━━━━━ Data to examine ━━━━━

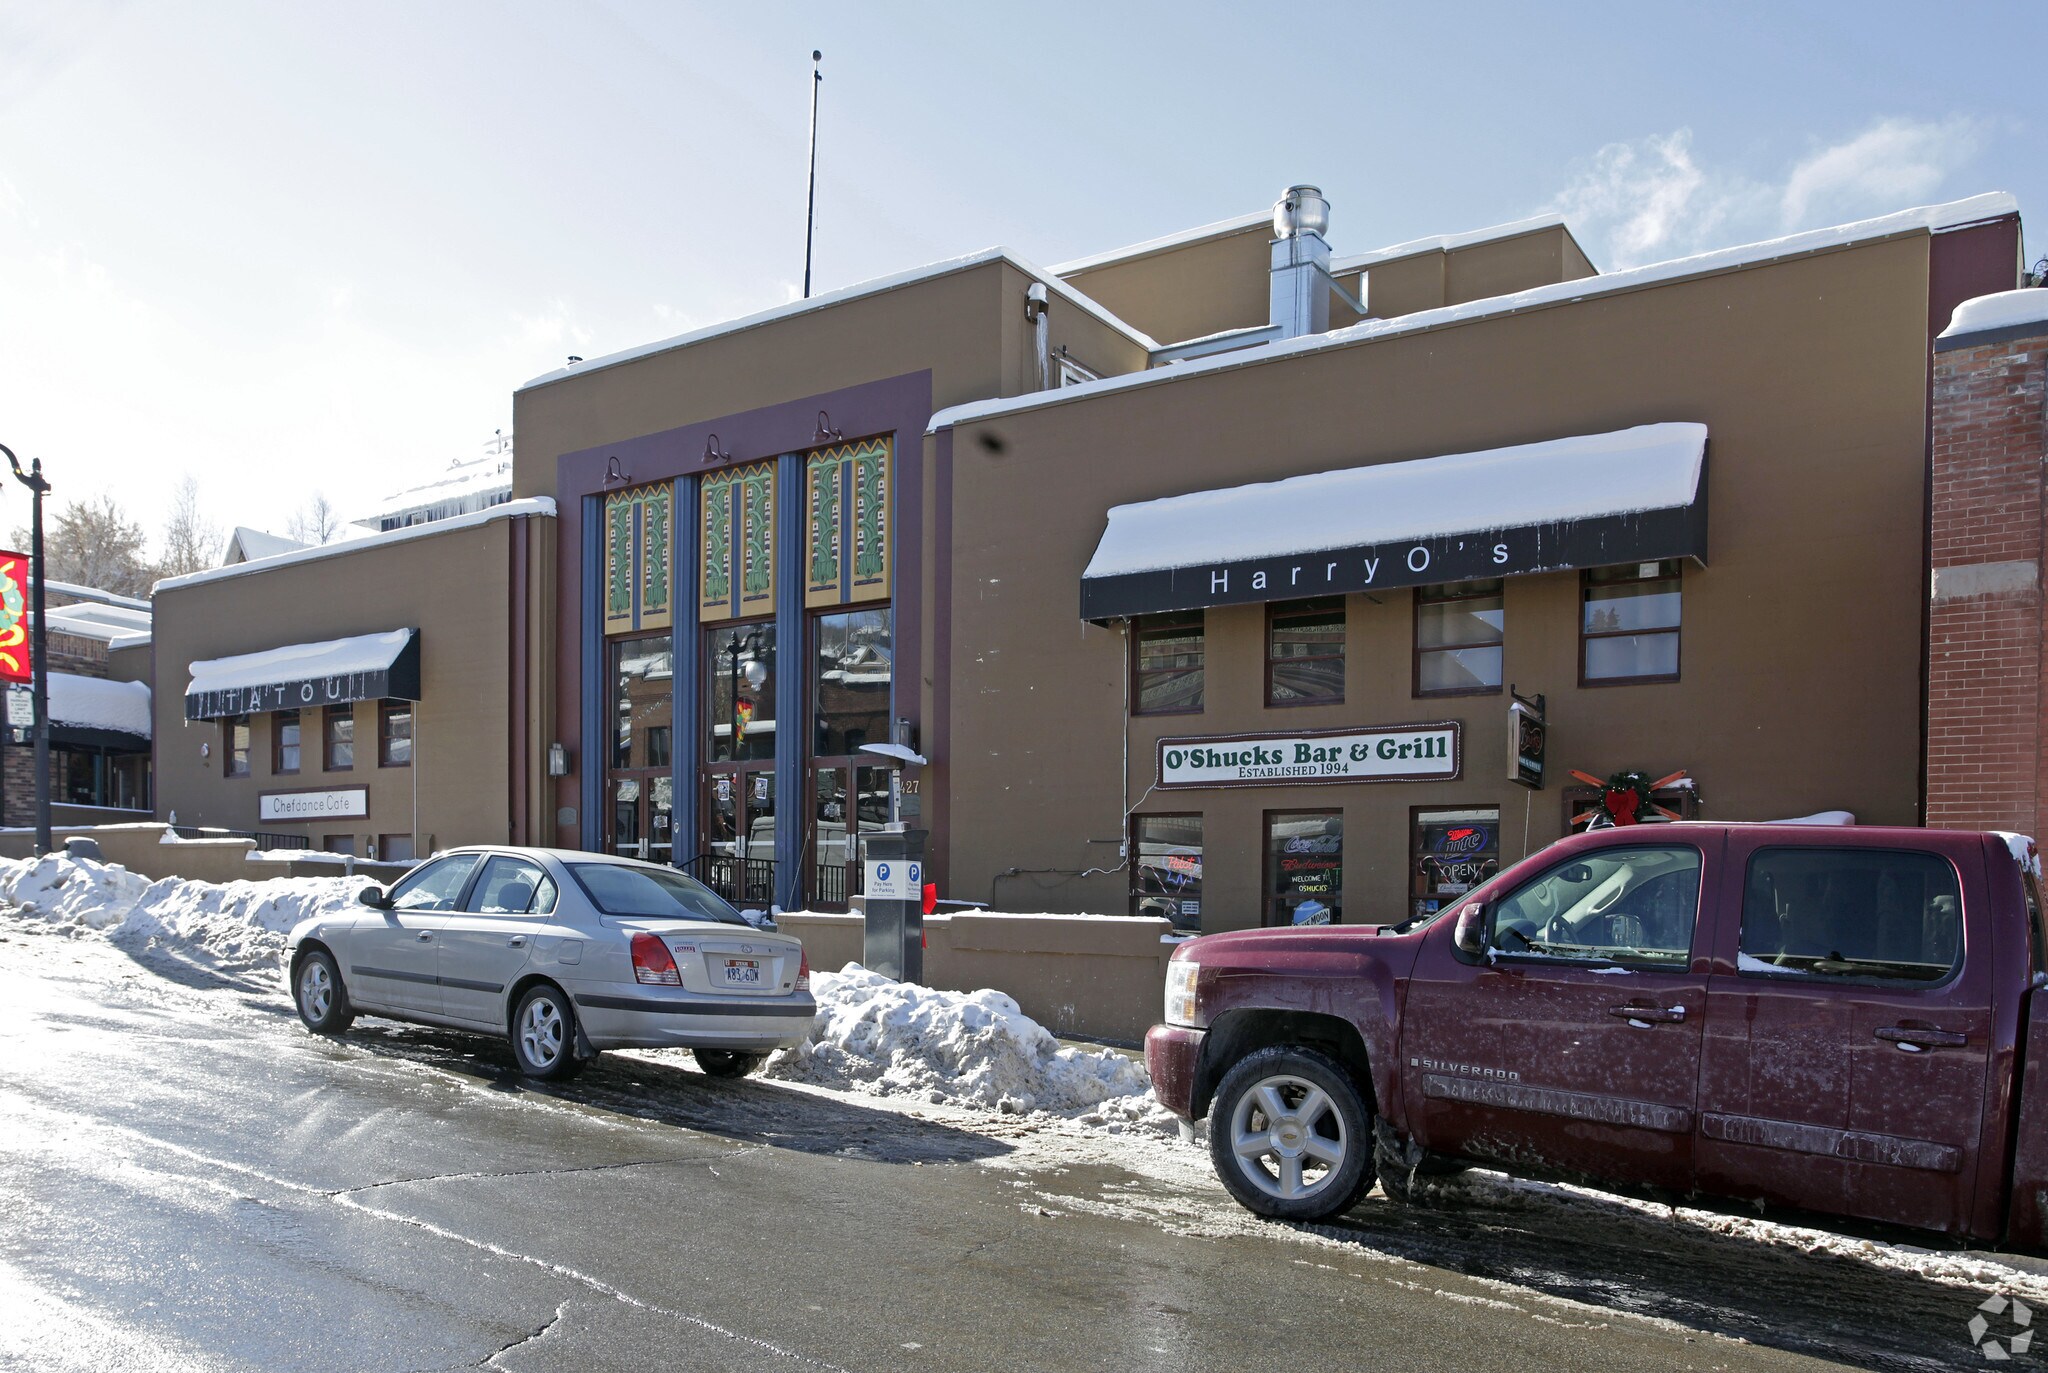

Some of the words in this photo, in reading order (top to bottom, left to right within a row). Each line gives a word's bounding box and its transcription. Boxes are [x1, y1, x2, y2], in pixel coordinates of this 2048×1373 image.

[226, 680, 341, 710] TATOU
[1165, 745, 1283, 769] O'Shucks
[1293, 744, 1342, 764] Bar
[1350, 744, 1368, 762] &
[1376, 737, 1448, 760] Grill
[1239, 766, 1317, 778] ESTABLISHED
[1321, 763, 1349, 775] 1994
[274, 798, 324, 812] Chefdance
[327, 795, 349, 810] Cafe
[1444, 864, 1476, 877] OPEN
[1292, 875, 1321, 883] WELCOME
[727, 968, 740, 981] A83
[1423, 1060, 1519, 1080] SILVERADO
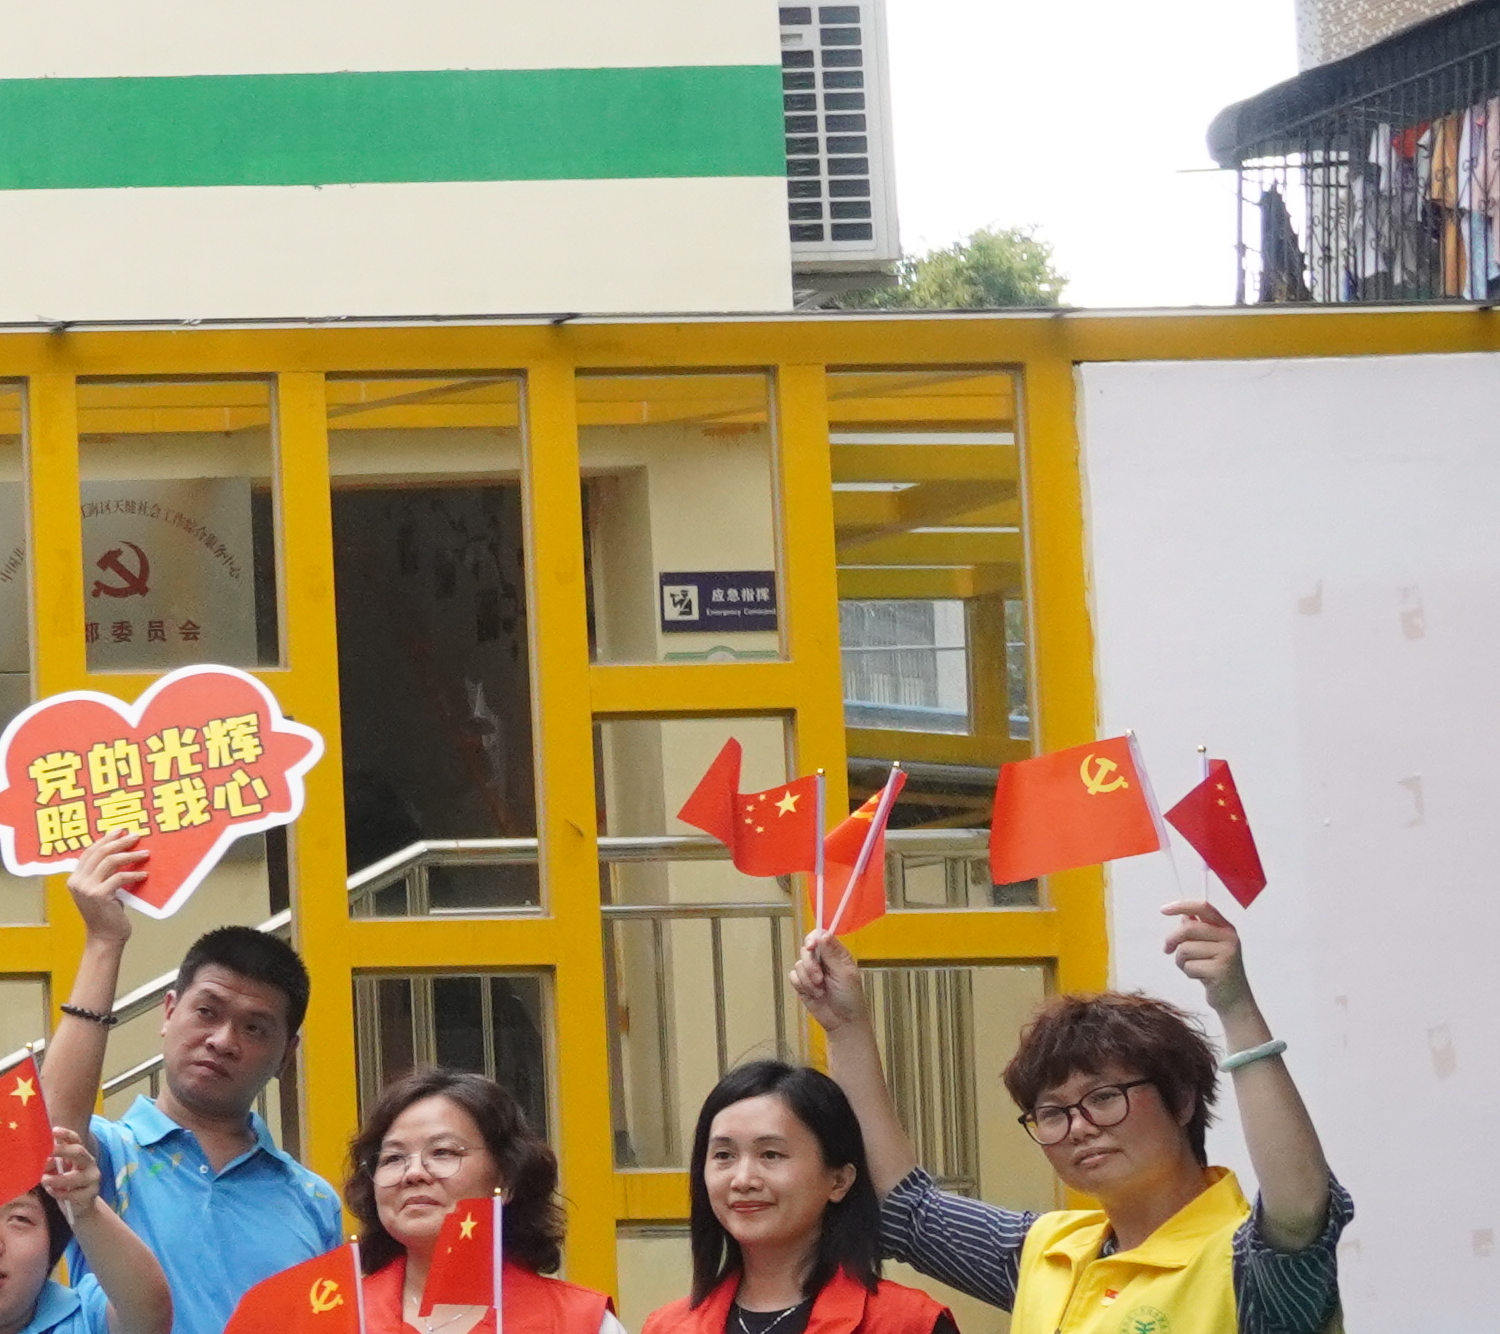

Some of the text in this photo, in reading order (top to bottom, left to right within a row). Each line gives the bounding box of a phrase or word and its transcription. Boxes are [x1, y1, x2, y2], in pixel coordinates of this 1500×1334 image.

━━━━━

Output every line of the records above unchanged, and keep the pictures out.

Some of the words in this photo, in reading order (top to bottom, left to right within a row). Each line gives a word's bounding box and its transcription. Boxes are [x1, y1, x2, y2], in pixel coordinates of this 2048×1373 image.

[226, 680, 341, 710] TATOU
[1165, 745, 1283, 769] O'Shucks
[1293, 744, 1342, 764] Bar
[1350, 744, 1368, 762] &
[1376, 737, 1448, 760] Grill
[1239, 766, 1317, 778] ESTABLISHED
[1321, 763, 1349, 775] 1994
[274, 798, 324, 812] Chefdance
[327, 795, 349, 810] Cafe
[1444, 864, 1476, 877] OPEN
[1292, 875, 1321, 883] WELCOME
[727, 968, 740, 981] A83
[1423, 1060, 1519, 1080] SILVERADO

Some of the text in this photo, in reading order (top to bottom, left to right within a row). Each line gives the bounding box of a phrase or word and its transcription. Boxes are [x1, y1, x2, y2], in pixel coordinates of this 1500×1334 image.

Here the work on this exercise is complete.